Activity
Return the data word for word. Pictures are to be omitted.

Spatial localization data
>>>>
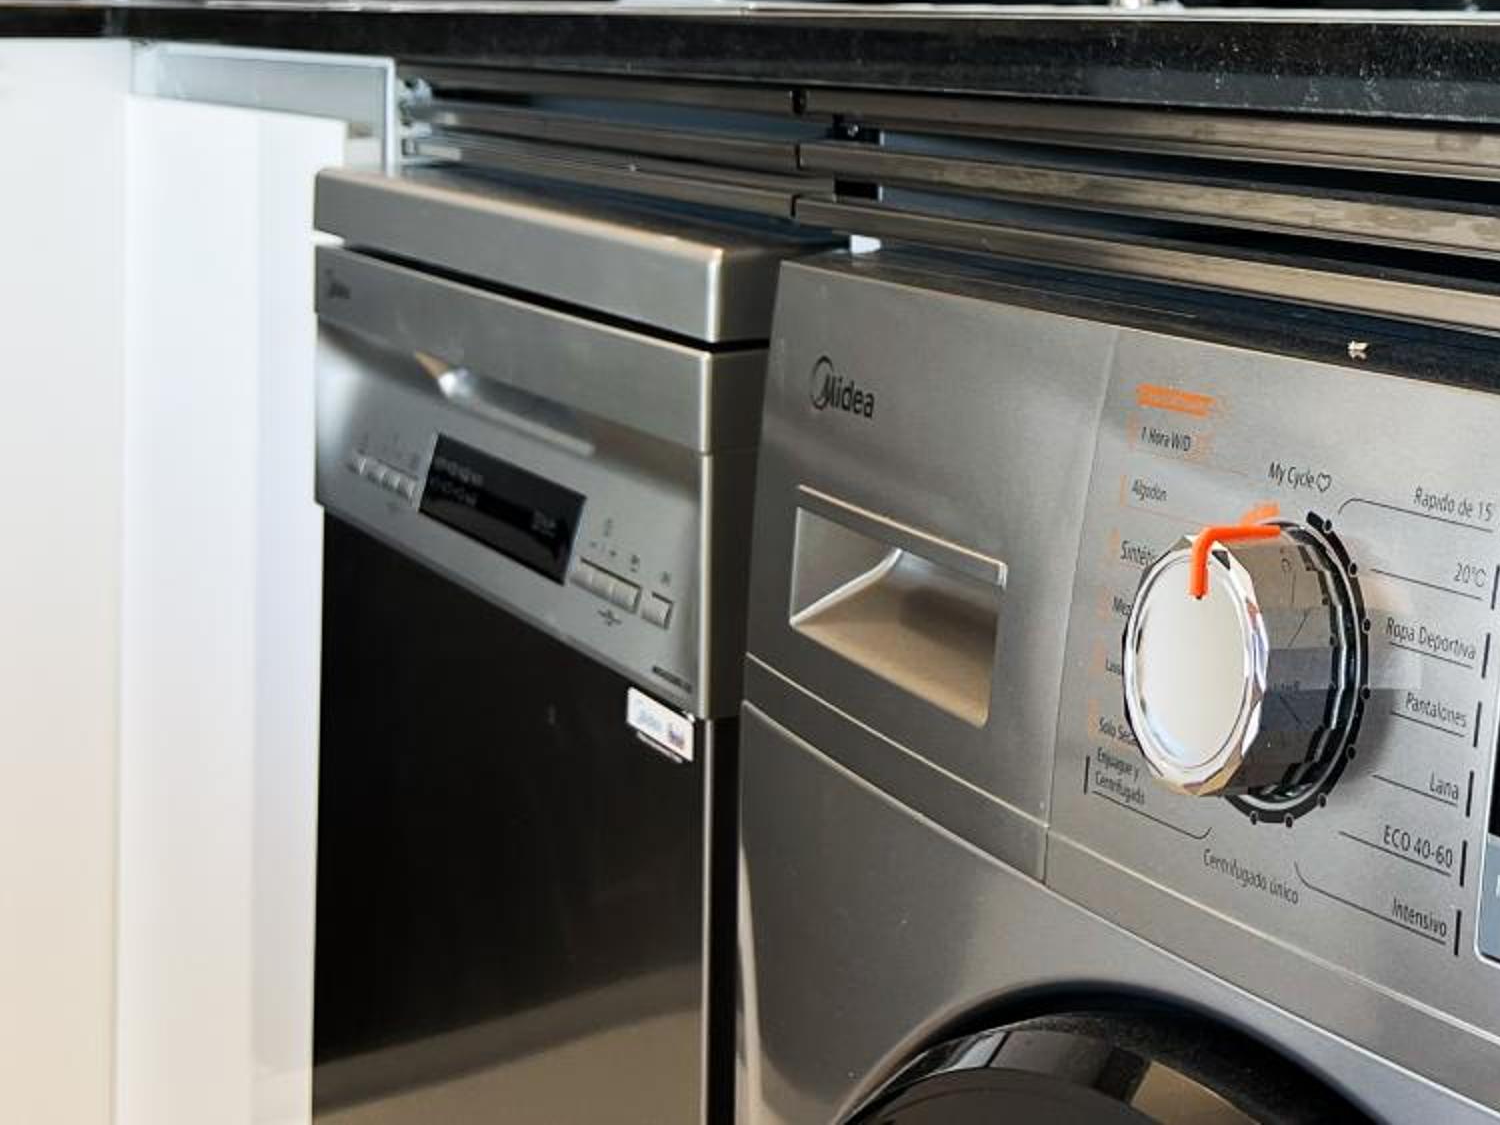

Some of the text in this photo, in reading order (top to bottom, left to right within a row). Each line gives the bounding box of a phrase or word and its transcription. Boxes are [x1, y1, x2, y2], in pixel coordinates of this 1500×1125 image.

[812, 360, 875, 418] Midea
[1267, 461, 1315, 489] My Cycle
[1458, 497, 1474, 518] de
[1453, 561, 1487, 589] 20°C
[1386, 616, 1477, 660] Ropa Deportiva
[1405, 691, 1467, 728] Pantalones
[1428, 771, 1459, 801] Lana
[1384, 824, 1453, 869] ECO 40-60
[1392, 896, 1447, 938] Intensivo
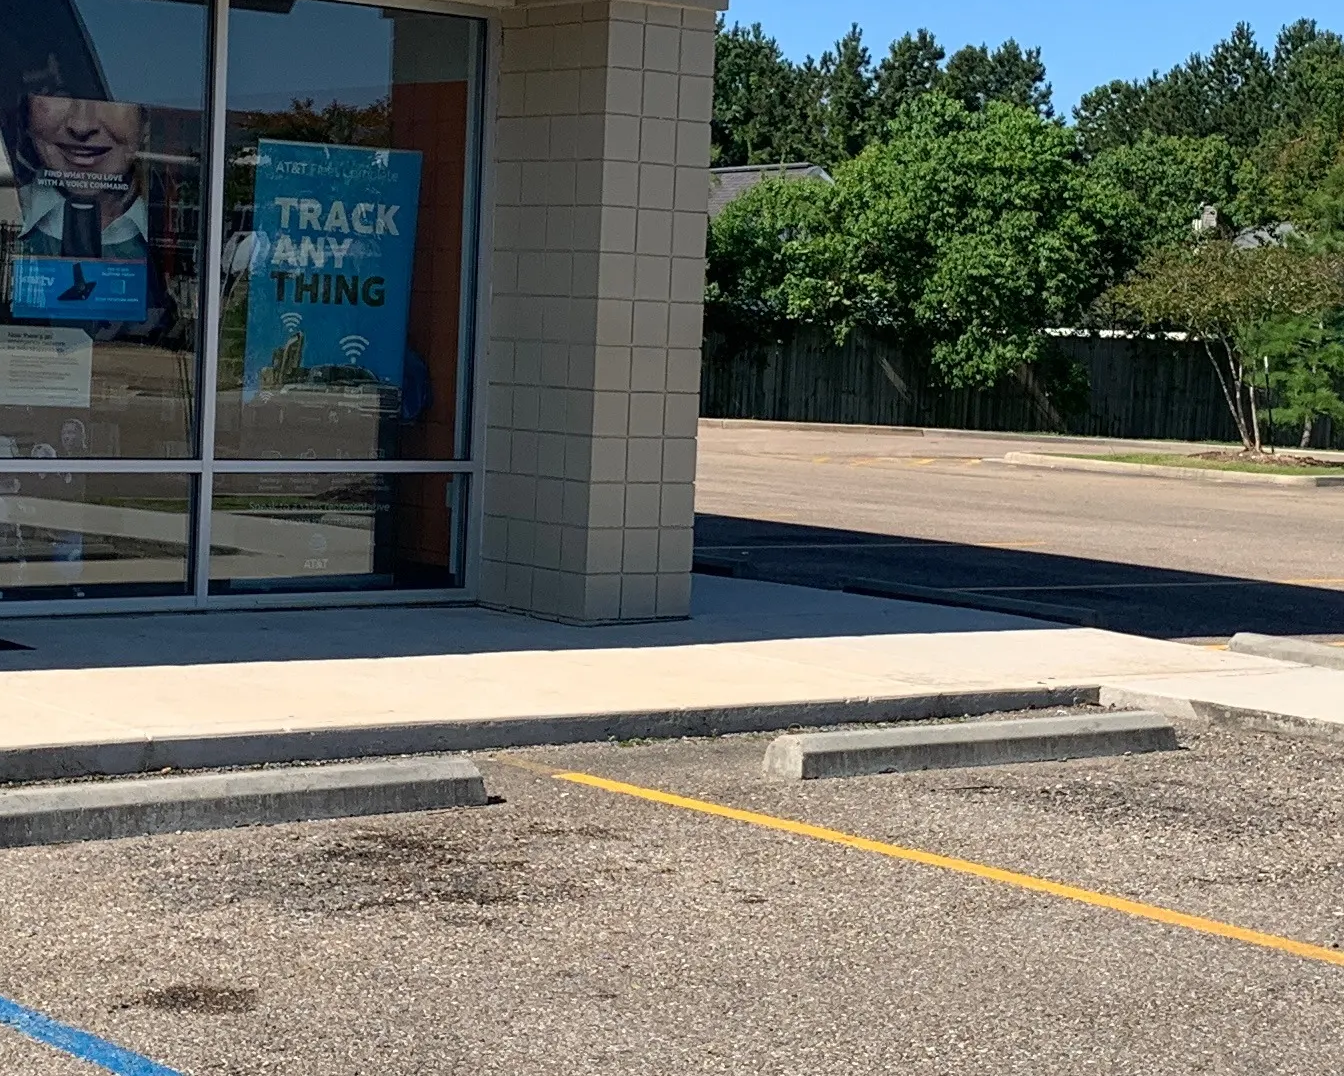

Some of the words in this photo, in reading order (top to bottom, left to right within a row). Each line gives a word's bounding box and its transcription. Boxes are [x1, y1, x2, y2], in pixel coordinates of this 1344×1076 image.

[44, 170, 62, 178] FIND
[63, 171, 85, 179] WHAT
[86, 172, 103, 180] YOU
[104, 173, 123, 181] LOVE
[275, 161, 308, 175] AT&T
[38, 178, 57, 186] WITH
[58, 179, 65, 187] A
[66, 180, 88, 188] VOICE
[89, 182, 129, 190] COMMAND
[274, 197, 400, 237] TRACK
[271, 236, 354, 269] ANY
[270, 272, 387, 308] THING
<<<<
Answer
Some of the text in this photo, in reading order (top to bottom, left to right within a row). Each line gives the bounding box of a phrase or word and its transcription. Boxes are [x1, y1, x2, y2], in pixel coordinates of this 1500×1125 image.

[812, 360, 875, 418] Midea
[1267, 461, 1315, 489] My Cycle
[1458, 497, 1474, 518] de
[1453, 561, 1487, 589] 20°C
[1386, 616, 1477, 660] Ropa Deportiva
[1405, 691, 1467, 728] Pantalones
[1428, 771, 1459, 801] Lana
[1384, 824, 1453, 869] ECO 40-60
[1392, 896, 1447, 938] Intensivo

Some of the words in this photo, in reading order (top to bottom, left to right within a row). Each line gives a word's bounding box and its transcription. Boxes are [x1, y1, x2, y2], in pixel coordinates of this 1344×1076 image.

[44, 170, 62, 178] FIND
[63, 171, 85, 179] WHAT
[86, 172, 103, 180] YOU
[104, 173, 123, 181] LOVE
[275, 161, 308, 175] AT&T
[38, 178, 57, 186] WITH
[58, 179, 65, 187] A
[66, 180, 88, 188] VOICE
[89, 182, 129, 190] COMMAND
[274, 197, 400, 237] TRACK
[271, 236, 354, 269] ANY
[270, 272, 387, 308] THING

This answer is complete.